- [Assignment]: Produce an exact copy of the line containing "this 2212×1659 image." and of every line after it in the material below, ending with the final line.

- [Given entries]:
--- START ---

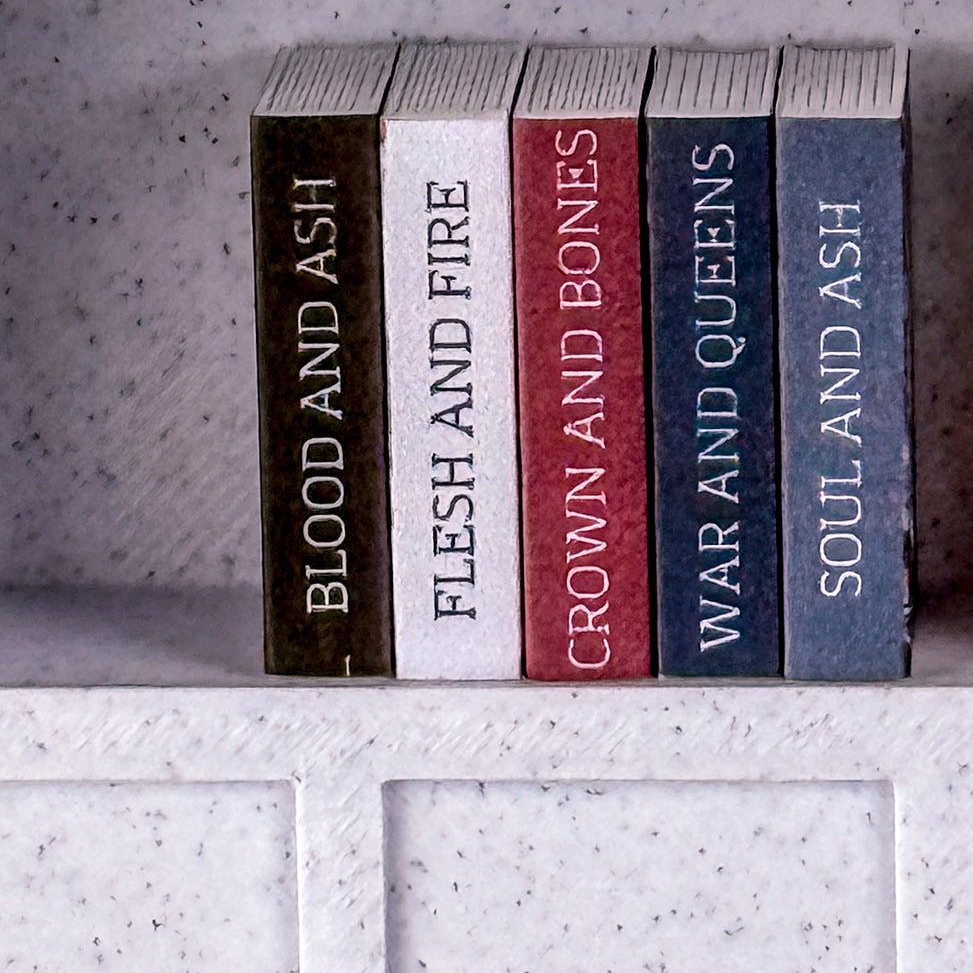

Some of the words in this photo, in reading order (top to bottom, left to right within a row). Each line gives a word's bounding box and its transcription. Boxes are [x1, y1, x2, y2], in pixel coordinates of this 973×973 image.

[293, 176, 339, 285] ASH
[426, 179, 473, 301] FIRE
[554, 128, 602, 311] BONES
[691, 143, 746, 369] QUEENS
[818, 198, 862, 310] ASH
[298, 300, 343, 421] AND
[430, 317, 475, 439] AND
[561, 328, 606, 449] AND
[820, 325, 862, 448] AND
[696, 387, 740, 505] AND
[301, 436, 349, 614] BLOOD
[431, 452, 477, 622] FLESH
[564, 467, 611, 670] CROWN
[818, 458, 863, 598] SOUL
[699, 521, 741, 653] WAR
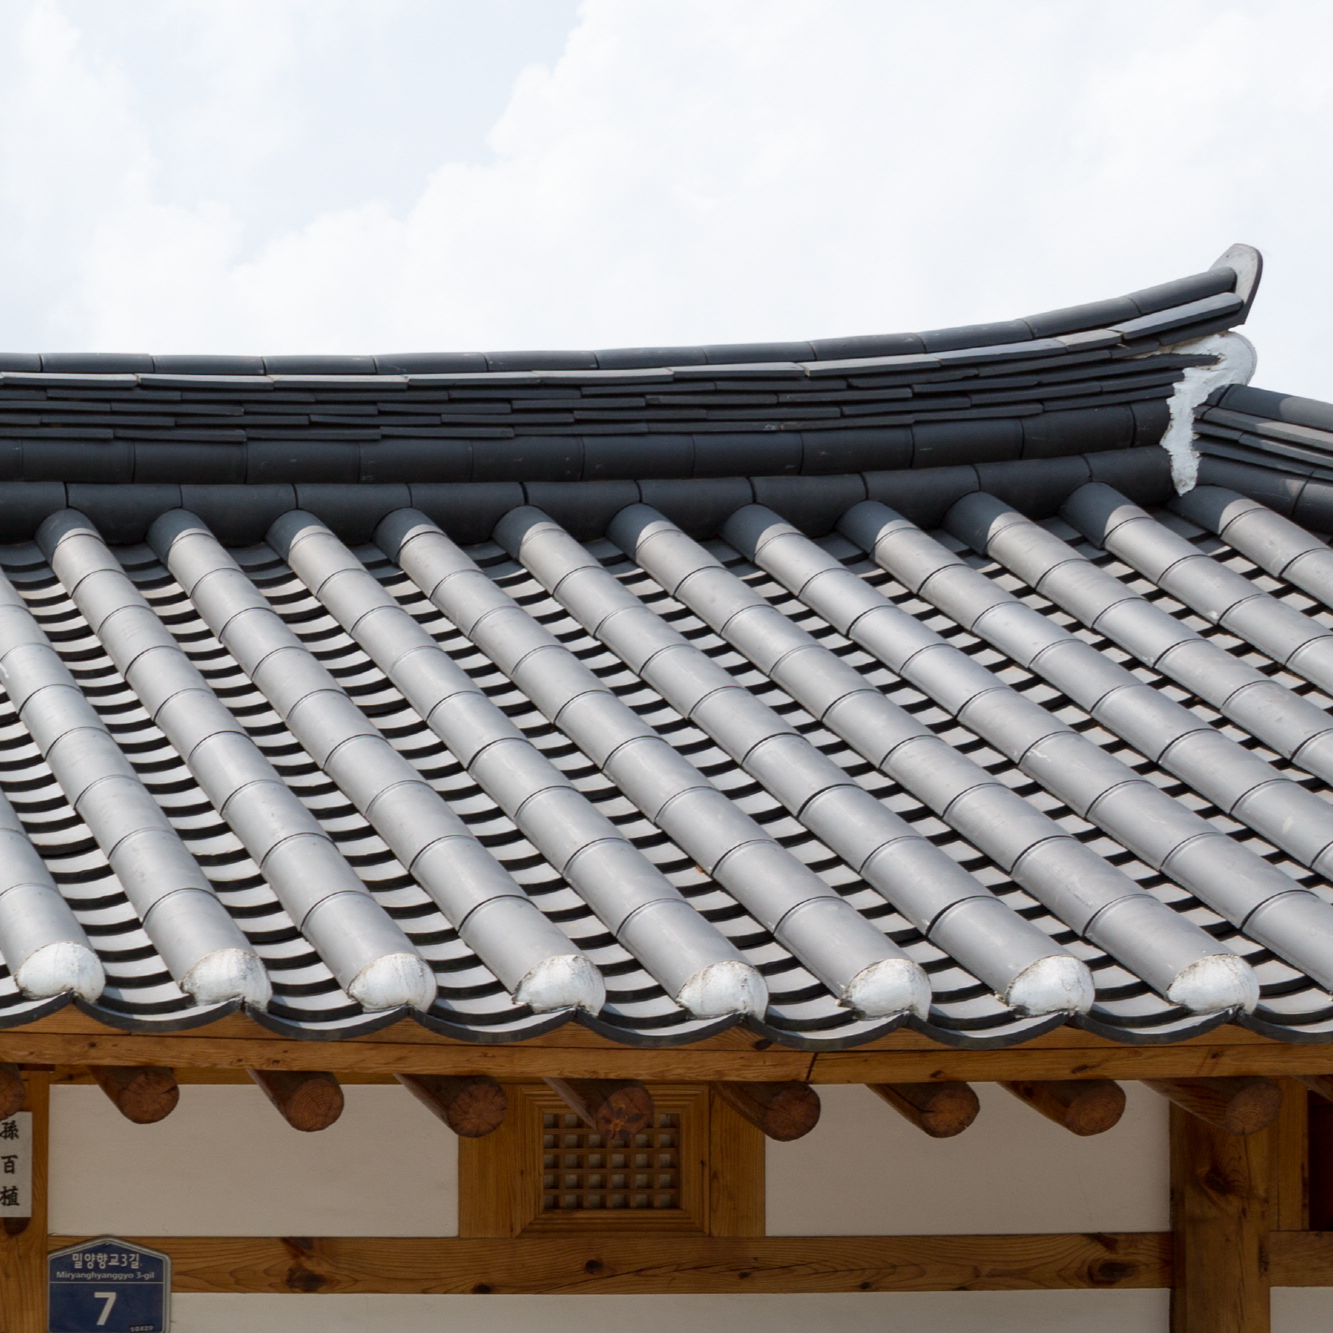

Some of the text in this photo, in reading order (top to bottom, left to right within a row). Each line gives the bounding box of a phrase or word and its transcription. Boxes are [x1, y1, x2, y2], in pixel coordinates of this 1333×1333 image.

[72, 1253, 140, 1269] 밀양향교3길
[56, 1271, 155, 1280] Miryanghyanggyo 3-gil
[94, 1291, 116, 1326] 7
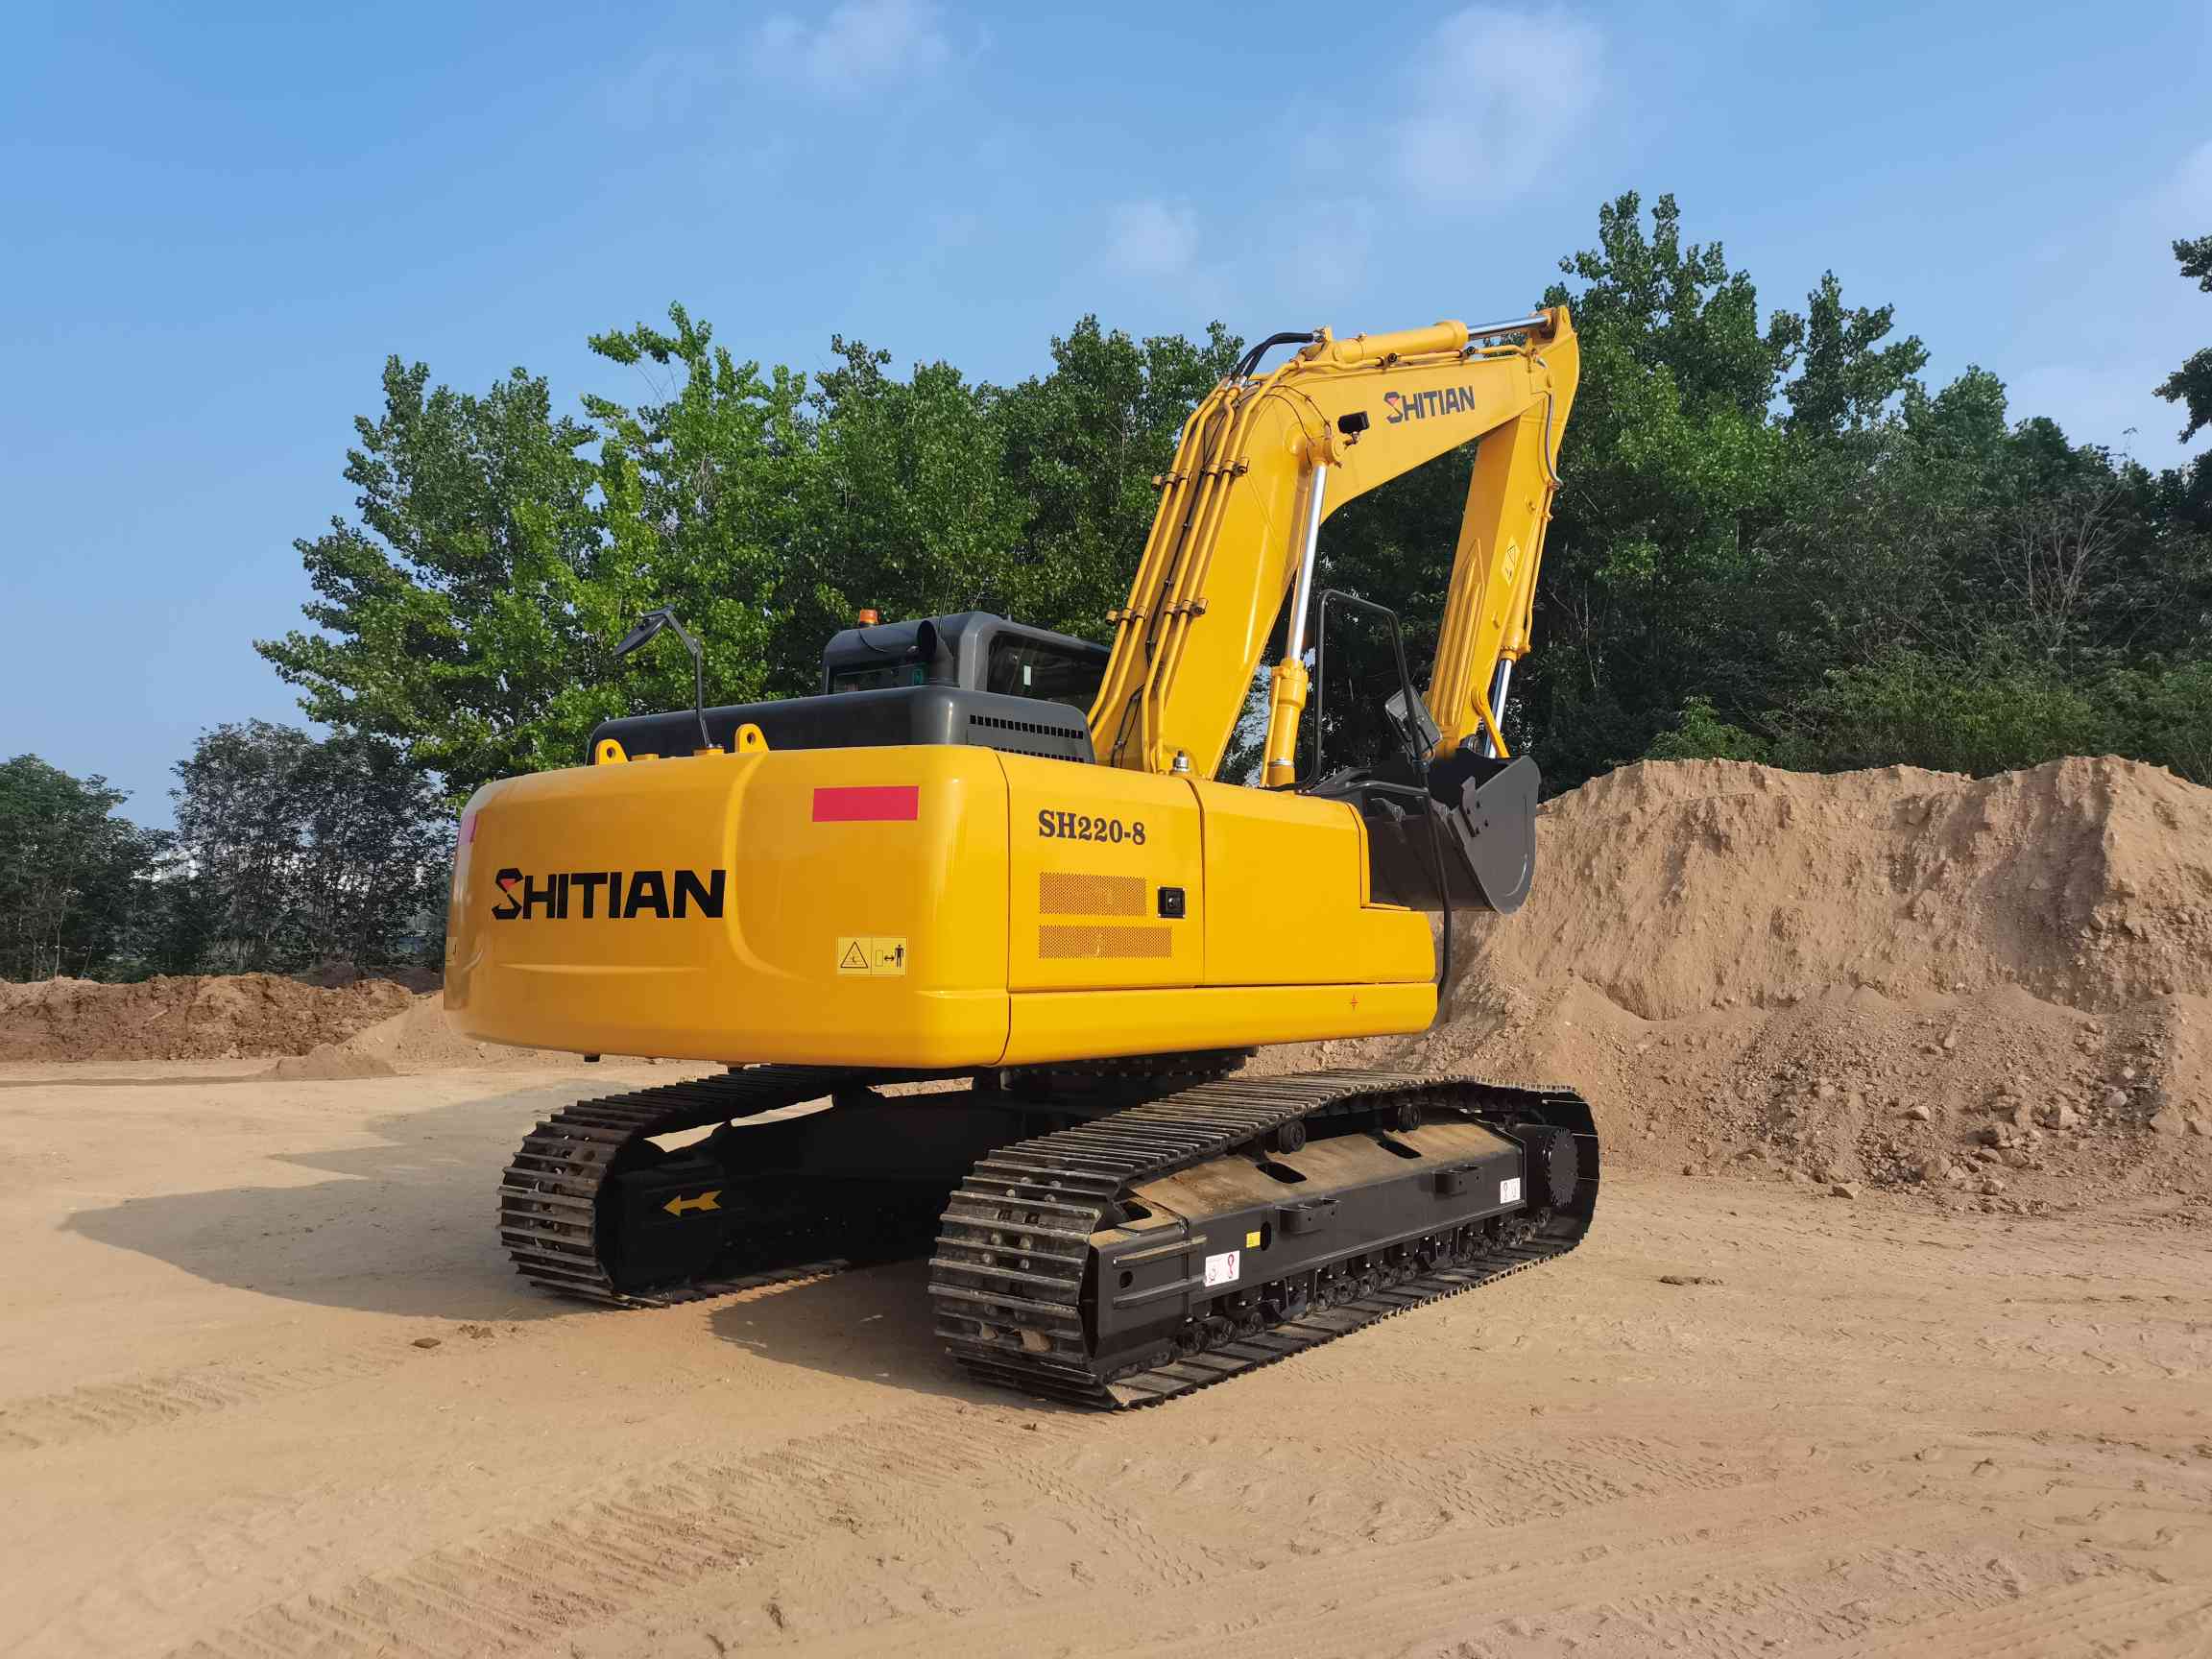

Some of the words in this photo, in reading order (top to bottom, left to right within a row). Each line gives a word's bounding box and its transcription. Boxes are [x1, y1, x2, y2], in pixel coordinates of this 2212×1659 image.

[1383, 385, 1475, 423] SHITIAN
[1038, 809, 1146, 845] SH220-8
[492, 868, 727, 920] SHITIAN

--- END ---

- [Your response]:
Some of the words in this photo, in reading order (top to bottom, left to right within a row). Each line gives a word's bounding box and its transcription. Boxes are [x1, y1, x2, y2], in pixel coordinates of this 2212×1659 image.

[1383, 385, 1475, 423] SHITIAN
[1038, 809, 1146, 845] SH220-8
[492, 868, 727, 920] SHITIAN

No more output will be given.